── Data supplied ──

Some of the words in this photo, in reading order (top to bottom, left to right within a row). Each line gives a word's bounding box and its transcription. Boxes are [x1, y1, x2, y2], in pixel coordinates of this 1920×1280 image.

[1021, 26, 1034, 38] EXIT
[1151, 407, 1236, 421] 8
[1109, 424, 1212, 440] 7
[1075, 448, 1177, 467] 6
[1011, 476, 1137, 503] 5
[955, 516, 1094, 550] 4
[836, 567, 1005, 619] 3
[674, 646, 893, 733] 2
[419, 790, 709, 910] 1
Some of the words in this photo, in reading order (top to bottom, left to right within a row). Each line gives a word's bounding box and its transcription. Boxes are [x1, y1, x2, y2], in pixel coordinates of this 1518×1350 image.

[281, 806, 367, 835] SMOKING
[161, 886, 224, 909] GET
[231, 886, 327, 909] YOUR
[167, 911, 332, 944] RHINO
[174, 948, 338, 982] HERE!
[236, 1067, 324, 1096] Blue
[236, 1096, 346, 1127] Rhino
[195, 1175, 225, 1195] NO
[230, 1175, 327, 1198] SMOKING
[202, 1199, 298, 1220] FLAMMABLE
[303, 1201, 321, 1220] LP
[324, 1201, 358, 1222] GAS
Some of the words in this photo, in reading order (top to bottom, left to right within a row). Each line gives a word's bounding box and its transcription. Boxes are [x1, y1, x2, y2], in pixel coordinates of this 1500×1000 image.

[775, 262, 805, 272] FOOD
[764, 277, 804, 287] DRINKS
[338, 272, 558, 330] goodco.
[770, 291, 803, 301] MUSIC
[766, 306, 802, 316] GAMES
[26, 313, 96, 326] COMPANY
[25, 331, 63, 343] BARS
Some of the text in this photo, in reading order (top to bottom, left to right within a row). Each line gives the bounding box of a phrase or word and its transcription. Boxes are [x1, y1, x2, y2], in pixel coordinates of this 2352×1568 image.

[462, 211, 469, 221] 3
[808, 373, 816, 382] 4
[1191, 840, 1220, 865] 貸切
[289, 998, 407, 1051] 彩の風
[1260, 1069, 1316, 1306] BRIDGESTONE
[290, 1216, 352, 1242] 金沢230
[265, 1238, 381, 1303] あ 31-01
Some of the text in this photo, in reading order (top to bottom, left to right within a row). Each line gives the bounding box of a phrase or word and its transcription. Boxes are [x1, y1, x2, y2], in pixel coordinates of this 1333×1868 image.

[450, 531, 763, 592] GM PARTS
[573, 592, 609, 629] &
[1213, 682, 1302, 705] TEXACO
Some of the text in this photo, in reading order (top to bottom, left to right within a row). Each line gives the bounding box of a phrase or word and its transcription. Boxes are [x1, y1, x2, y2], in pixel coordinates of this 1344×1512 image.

───

* _Work required_: Repeat the data in full, matching each line exactly.

* _The completed task_:
Some of the words in this photo, in reading order (top to bottom, left to right within a row). Each line gives a word's bounding box and its transcription. Boxes are [x1, y1, x2, y2], in pixel coordinates of this 1920×1280 image.

[1021, 26, 1034, 38] EXIT
[1151, 407, 1236, 421] 8
[1109, 424, 1212, 440] 7
[1075, 448, 1177, 467] 6
[1011, 476, 1137, 503] 5
[955, 516, 1094, 550] 4
[836, 567, 1005, 619] 3
[674, 646, 893, 733] 2
[419, 790, 709, 910] 1
Some of the words in this photo, in reading order (top to bottom, left to right within a row). Each line gives a word's bounding box and its transcription. Boxes are [x1, y1, x2, y2], in pixel coordinates of this 1518×1350 image.

[281, 806, 367, 835] SMOKING
[161, 886, 224, 909] GET
[231, 886, 327, 909] YOUR
[167, 911, 332, 944] RHINO
[174, 948, 338, 982] HERE!
[236, 1067, 324, 1096] Blue
[236, 1096, 346, 1127] Rhino
[195, 1175, 225, 1195] NO
[230, 1175, 327, 1198] SMOKING
[202, 1199, 298, 1220] FLAMMABLE
[303, 1201, 321, 1220] LP
[324, 1201, 358, 1222] GAS
Some of the words in this photo, in reading order (top to bottom, left to right within a row). Each line gives a word's bounding box and its transcription. Boxes are [x1, y1, x2, y2], in pixel coordinates of this 1500×1000 image.

[775, 262, 805, 272] FOOD
[764, 277, 804, 287] DRINKS
[338, 272, 558, 330] goodco.
[770, 291, 803, 301] MUSIC
[766, 306, 802, 316] GAMES
[26, 313, 96, 326] COMPANY
[25, 331, 63, 343] BARS
Some of the text in this photo, in reading order (top to bottom, left to right within a row). Each line gives the bounding box of a phrase or word and its transcription. Boxes are [x1, y1, x2, y2], in pixel coordinates of this 2352×1568 image.

[462, 211, 469, 221] 3
[808, 373, 816, 382] 4
[1191, 840, 1220, 865] 貸切
[289, 998, 407, 1051] 彩の風
[1260, 1069, 1316, 1306] BRIDGESTONE
[290, 1216, 352, 1242] 金沢230
[265, 1238, 381, 1303] あ 31-01
Some of the text in this photo, in reading order (top to bottom, left to right within a row). Each line gives the bounding box of a phrase or word and its transcription. Boxes are [x1, y1, x2, y2], in pixel coordinates of this 1333×1868 image.

[450, 531, 763, 592] GM PARTS
[573, 592, 609, 629] &
[1213, 682, 1302, 705] TEXACO
Some of the text in this photo, in reading order (top to bottom, left to right within a row). Each line gives the bounding box of a phrase or word and its transcription. Boxes are [x1, y1, x2, y2], in pixel coordinates of this 1344×1512 image.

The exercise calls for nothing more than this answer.